Géopolitis: Planète B [Images imago / Future Image International]
Planète B / Geopolitis / 25 min. / le 1 novembre 2020
Avec la montée des océans, les espèces qui disparaissent, les ressources qui se raréfient, se pose la question de l’avenir de l’humanité sur la Terre. Mais l'espoir de trouver ailleurs dans l'espace un autre lieu pour vivre est scientifiquement difficile à envisager.

Le réchauffement climatique pourrait atteindre 2,5 à 4 C degrés, selon une récente étude du Programme mondial de recherche sur le climat. Jusqu'à un million d'espèces animales ou végétales pourraient aussi disparaître, menaçant d'une nouvelle extinction de masse. Autant de perspectives qui font craindre pour l'avenir de l'humanité sur la planète.

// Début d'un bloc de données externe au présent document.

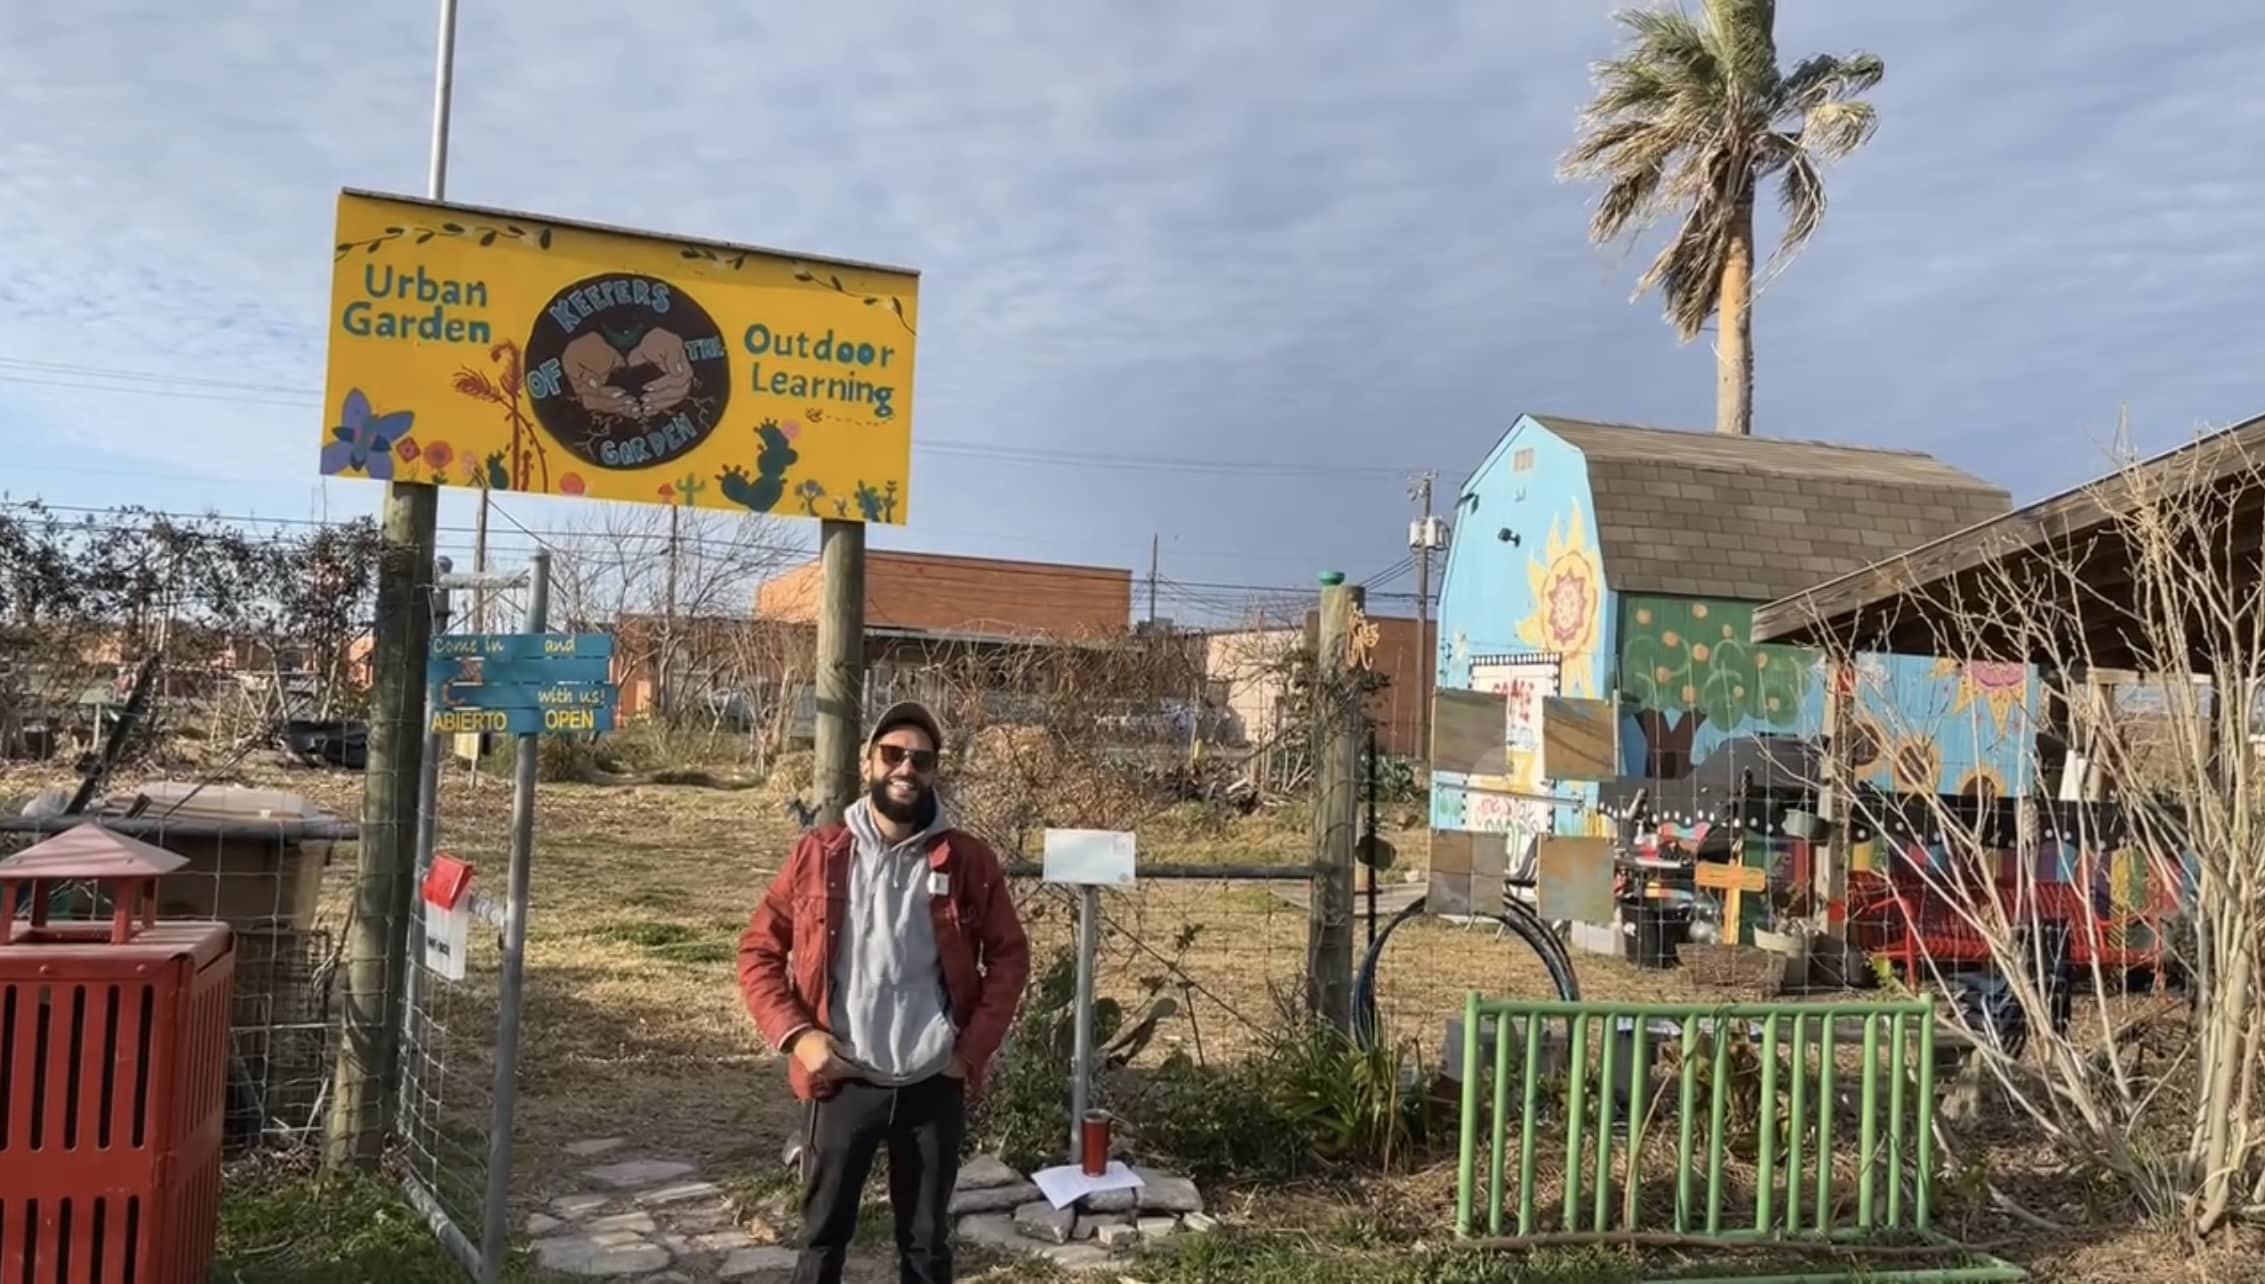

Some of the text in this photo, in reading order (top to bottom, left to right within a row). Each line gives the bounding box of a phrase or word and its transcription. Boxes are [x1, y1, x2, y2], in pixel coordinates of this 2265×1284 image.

[365, 263, 488, 307] Urban
[549, 279, 671, 333] KEEPERS
[342, 301, 491, 343] Garden
[744, 323, 895, 367] Outdoor
[527, 357, 562, 399] OF
[752, 362, 895, 418] Learning
[601, 411, 697, 465] GARDEN
[433, 638, 478, 653] Come
[544, 636, 576, 653] and
[537, 686, 573, 704] with
[431, 710, 595, 730] ABIERTO OPEN
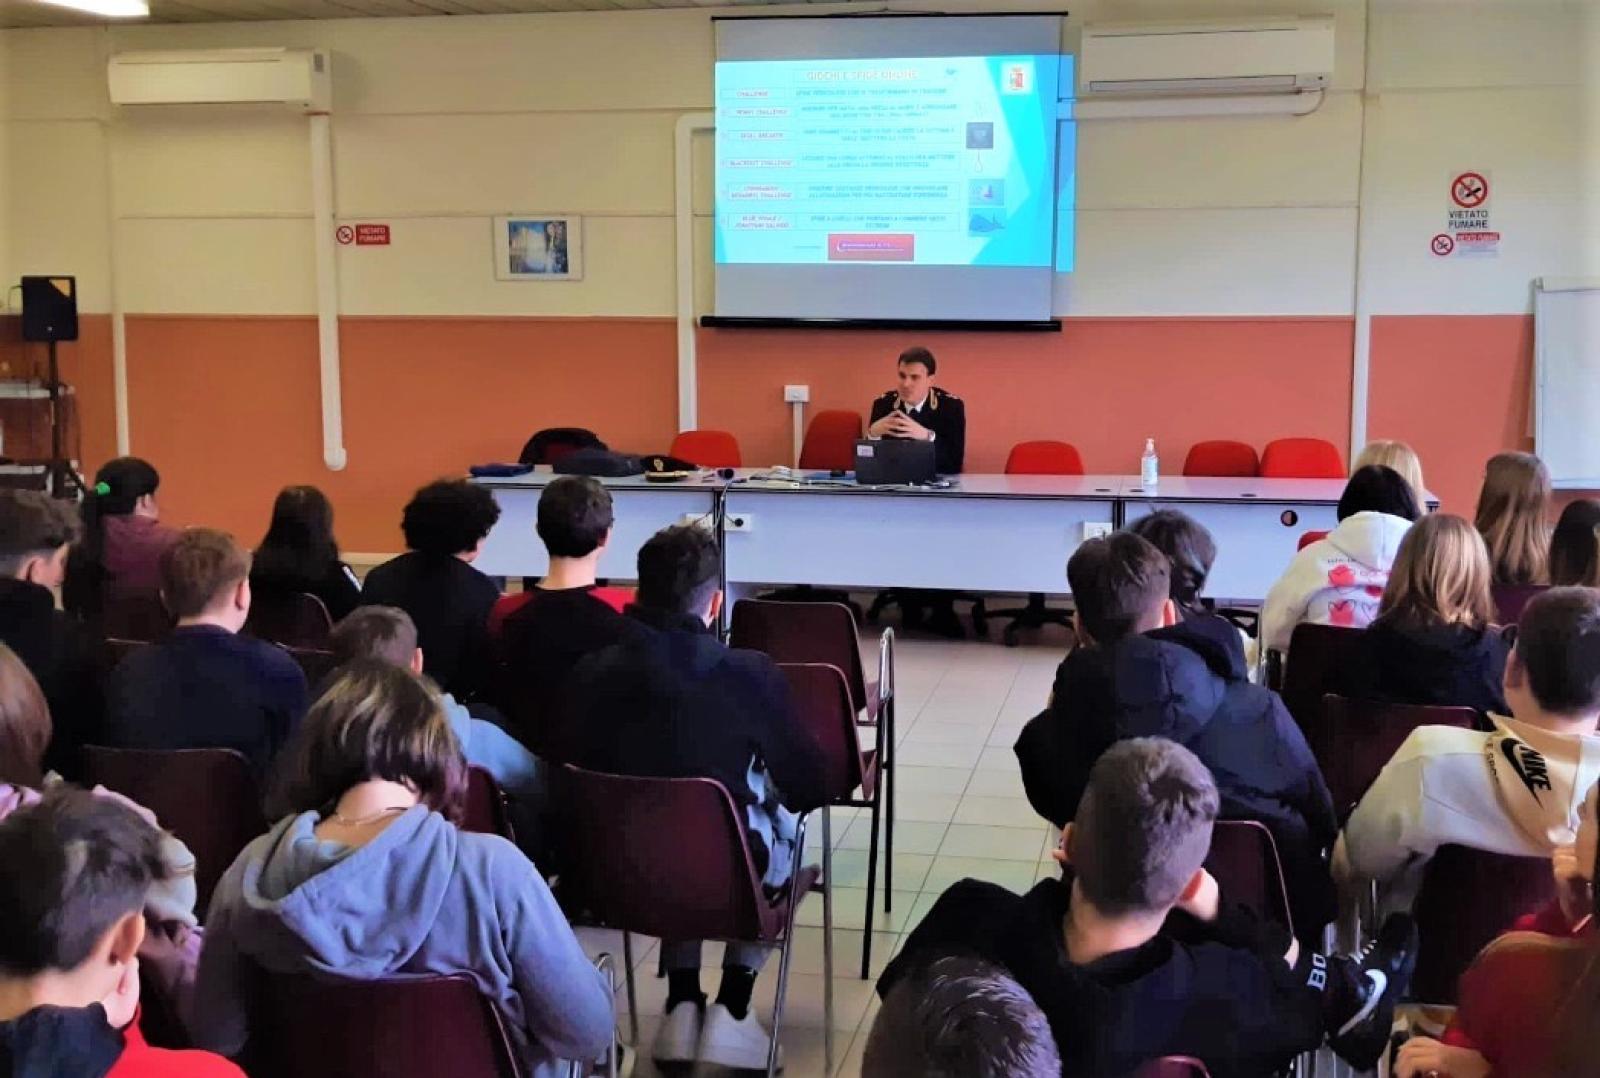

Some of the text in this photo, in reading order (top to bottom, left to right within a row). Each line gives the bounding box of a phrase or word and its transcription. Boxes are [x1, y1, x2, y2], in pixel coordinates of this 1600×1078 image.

[1448, 210, 1488, 219] VIETATO
[1448, 219, 1488, 229] FUMARE
[1518, 745, 1552, 791] NIKE

Pour Michel Mayor, Prix Nobel de physique 2019 et invité de Géopolitis, il ne faut pas espérer pouvoir vivre durablement ailleurs dans l'espace. "Nous sommes liés à cette planète", explique cet astrophysicien, professeur honoraire de l'Université de Genève. Récompensé, avec son collègue Didier Queloz, pour la découverte de la première exoplanète en 1995, Michel Mayor insiste sur le fait que "les planètes extrasolaires sont tellement lointaines qu'il n'est pas question de les voir comme des plans B pour l'humanité".

Destination Mars

En janvier dernier, l'homme d'affaires Elon Musk précisait ses plans pour envoyer jusqu'à un million de personnes sur Mars d'ici 2050, dans le but de sauvegarder l'humanité. Il envisage d'utiliser une flotte de fusées pour transporter les colons et le matériel nécessaire à leur survie. Mais selon Michel Mayor, l'installation de l'homme sur d'autres planètes du système solaire n'est pas non plus une option réaliste. "Le pire des endroits sur Terre est un paradis comparé à Mars", explique-t-il. "Le sol martien n'est absolument pas approprié pour la croissance des plantes et il n'y a pas d'atmosphère."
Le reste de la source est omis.